第1章「米国の一流大学は本当にすごいのか?」
アメリカの大学はハーバードやカリフォルニア工科、スタンフォードやブリンストンなど世界大学ランキングのトップに入る大学もけっこうある。もちろんアメリカによってはアイビーリーグなどそれなりの財力がなければ入学ができない所も存在する(厳密に言えば入学条件に階級はないが、学費が卒業までに20~24万ドルほどかかってしまうことから一般庶民には手が出せない)。著者自身もスタンフォードの大学院に留学した経験があるのだが、実際には日本の大学と雰囲気的な差は無いのだという。あるとしたらインプット・アウトプットの量が桁違いに多いのだという。

第2章「世界から集うエリート学生の生態」
日本でも東大など一流大学に卒業しても将来安定した仕事に就ける、あるいは大出世できる保証は全く存在しない。もちろんアメリカでも同じことが言える。とはいえアメリカでも「学歴社会」が日本以上に浸透しており、トップ企業の多くはトップスクールの出身者であるという。

第3章「経済・ビジネス―資本主義への愛と妄信」
本章で「経済・ビジネス」とした理由が以下の通りである。

「日本の大学といえば、文系の一番人気は法学部です。偏差値が高いうえ、就職や世間の受けがよいこともあり、法律に興味の無い高校生さえ法学部を志望しがちです。しかし、米国の学部に法学部はありません。ロースクールは大学院にしかないのです。」(p.70より)

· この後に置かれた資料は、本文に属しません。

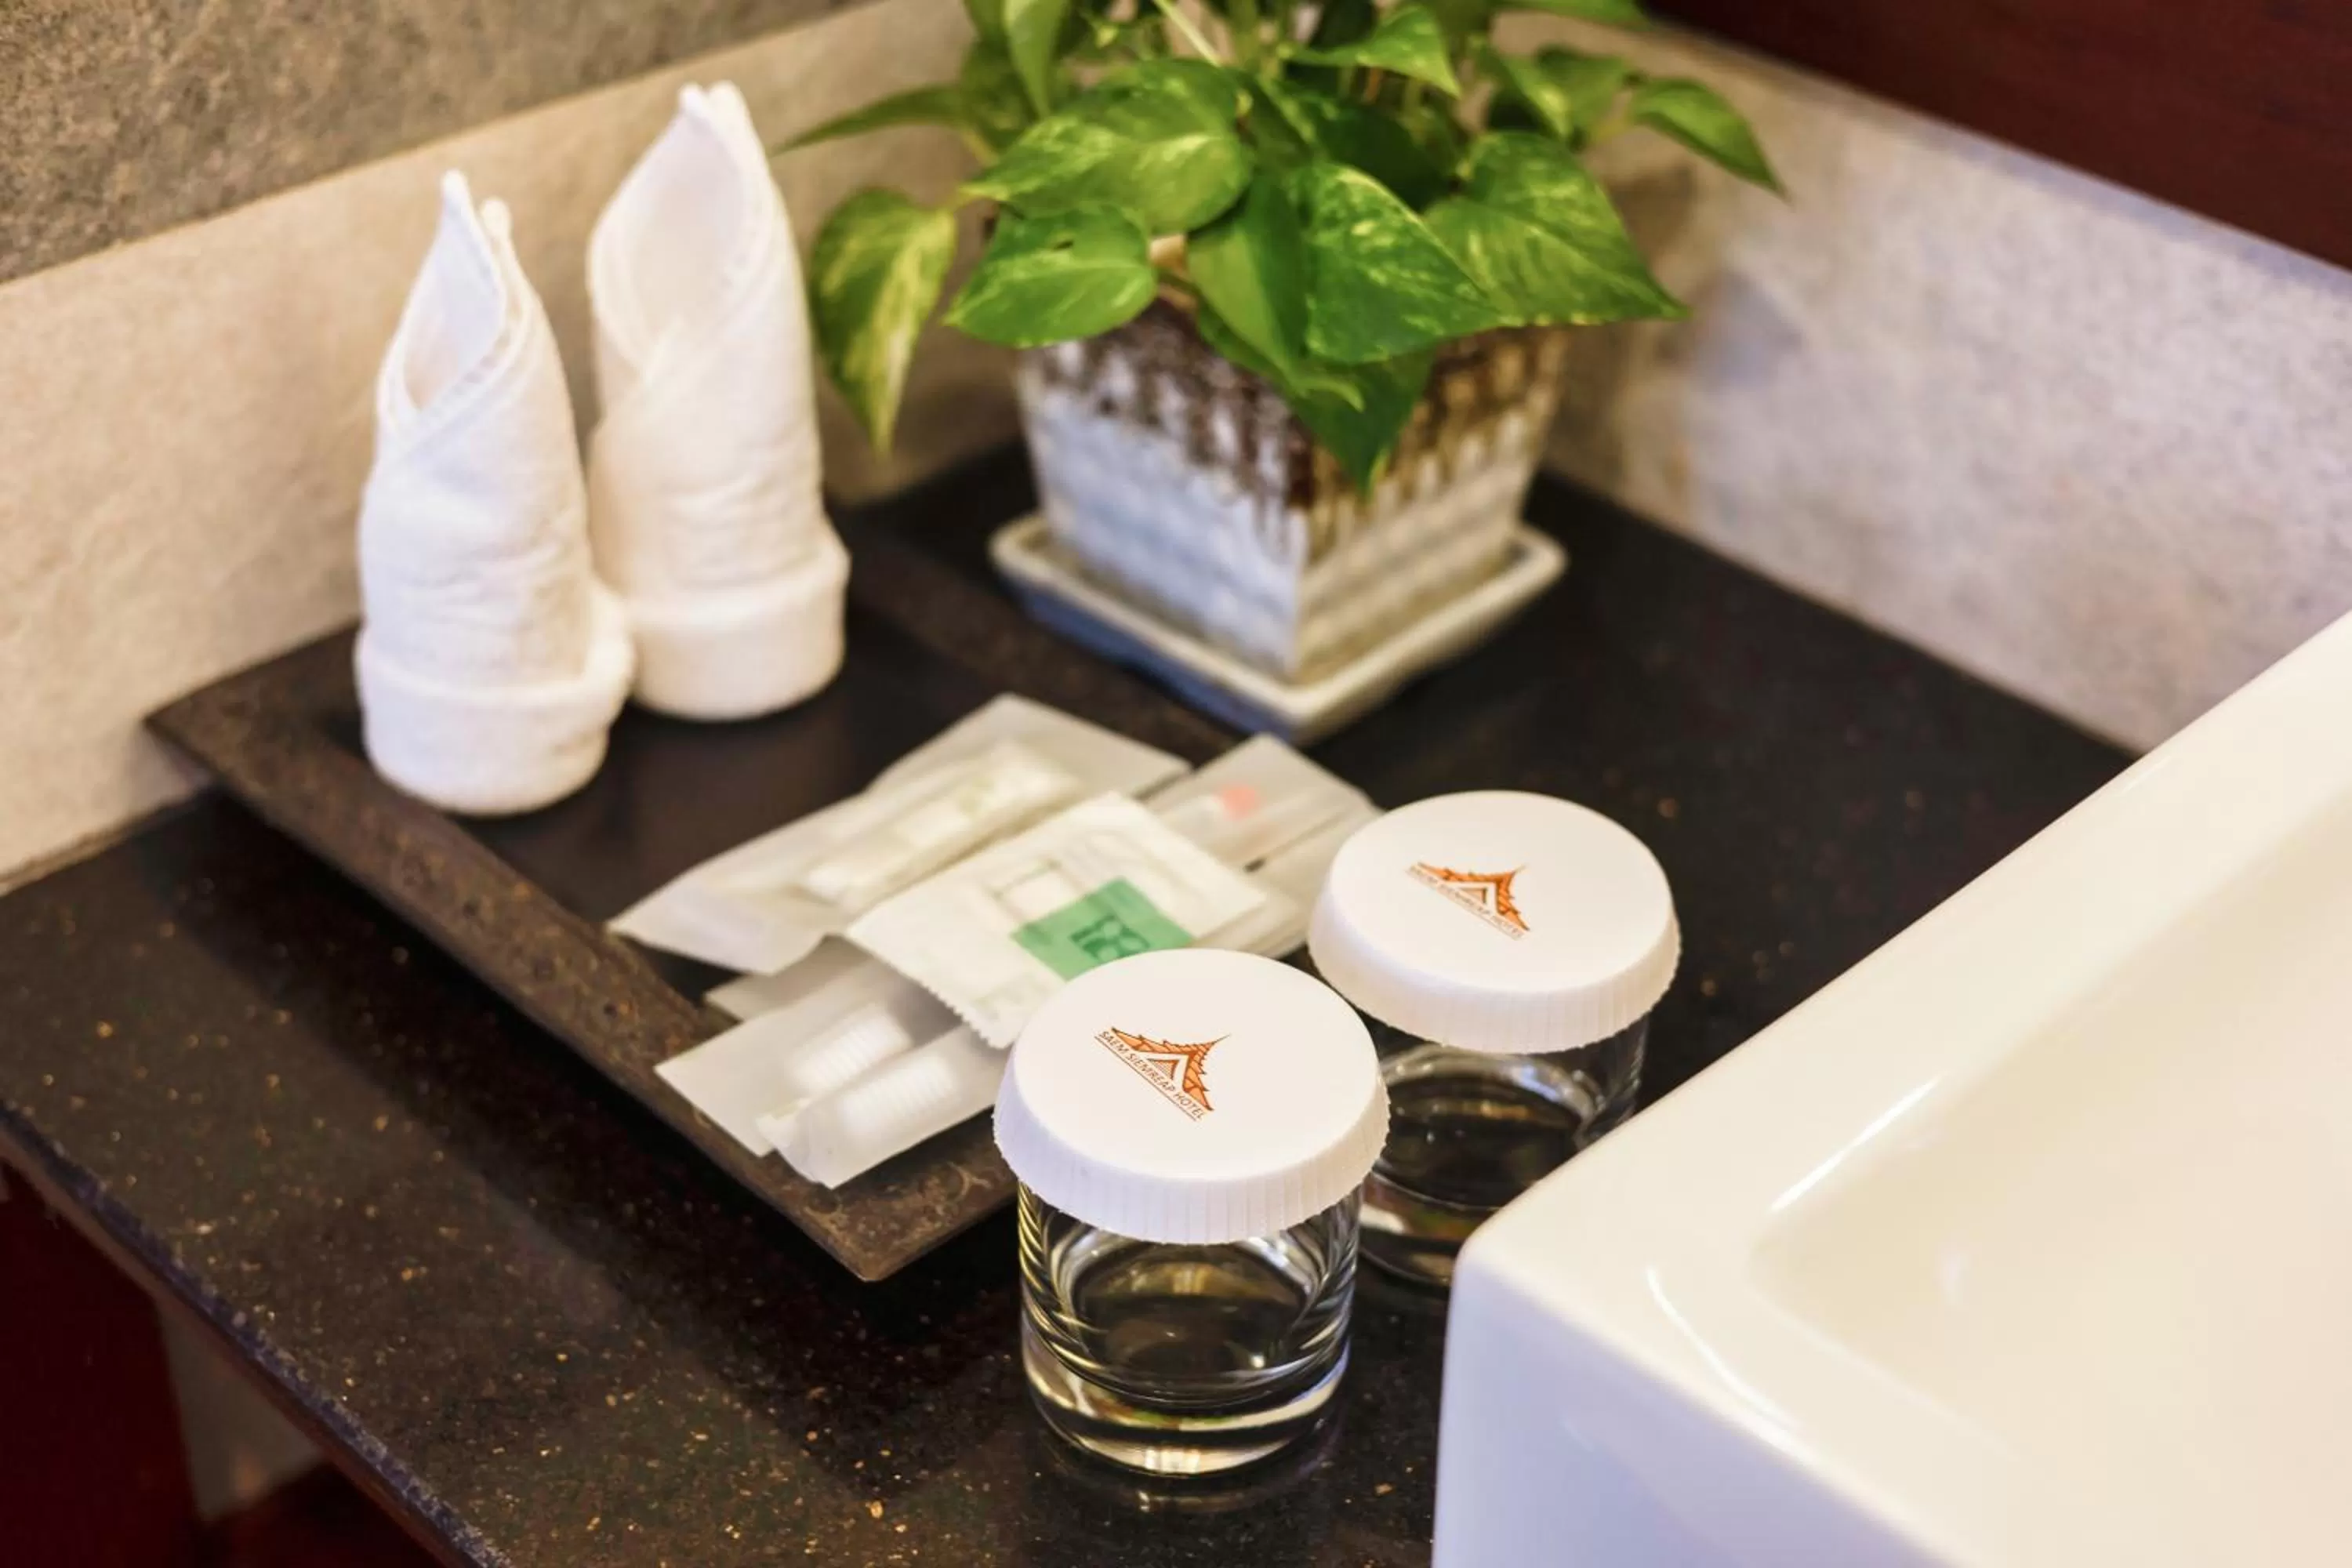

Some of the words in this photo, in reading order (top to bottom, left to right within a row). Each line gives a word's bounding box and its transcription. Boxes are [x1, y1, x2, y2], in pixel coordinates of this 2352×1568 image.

実際に日本では2000年代前半あたりから「法科大学院」の構想が議論され、実を結んだのは後半であるのが、このモデルはアメリカのロースクールを適用したものである。実際にアメリカでは大学事情から「ロースクール」が誕生したのにもかかわらず、日本では今となってはなぜ法科大学院ができたのか分からなくなってしまっている。
それに関してはここまでにしておいて、アメリカの大学で最も人気のあるものは経済学を重視している。もっともアメリカの大学でも経済学部の人気は高いのだが、これには資本主義に対する愛があるのだという。

第4章「歴史―歴史が浅いからこそ、歴史にこだわる」
アメリカの歴史は浅く、240年ほどしかない。しかしアメリカの大学生は歴史に対する関心は非常に高く、人気があるのだという。しかも勉強するのは古代史、というよりも近現代史と言った所から始まるという。

第5章「国際政治・インテリジェンス―世界一視野の広い引きこもり」
よく「日本人は内向き」と言われているが、著者に言わせれば米国の方がもっと内向きなのだという。最近のアメリカ情勢を見ると確かにそうかもしれない。
本章ではアメリカが抱える政治事情と国際関係について記されているが、本章だけは大学事情からちょっと離れて外交問題と行った所に発展しているので毛並みが異なっている。

第6章「日本人エリートの未来」
日本人の留学離れが著しいと言われている。取り分けアメリカへの留学はドンドン減っており、今ではアジアの中でも比較的少ないという。しかし著者は減るのも無理もなく、もっと言うと西欧圏はそんなことを嘆くことはないのだという。

日本は多かれ少なかれ「学歴社会」と言えるのだが、「アメリカ有名大学卒=エリート」とはなかなか言えない。しかし有名大学で学んだことをビジネスの場で活用し、それが日本にとってもプラスとなれば当然その方は有能と言えるのだが、有名なものでも無名なものでも生かすも殺すも自分次第と言えるのかも知れない。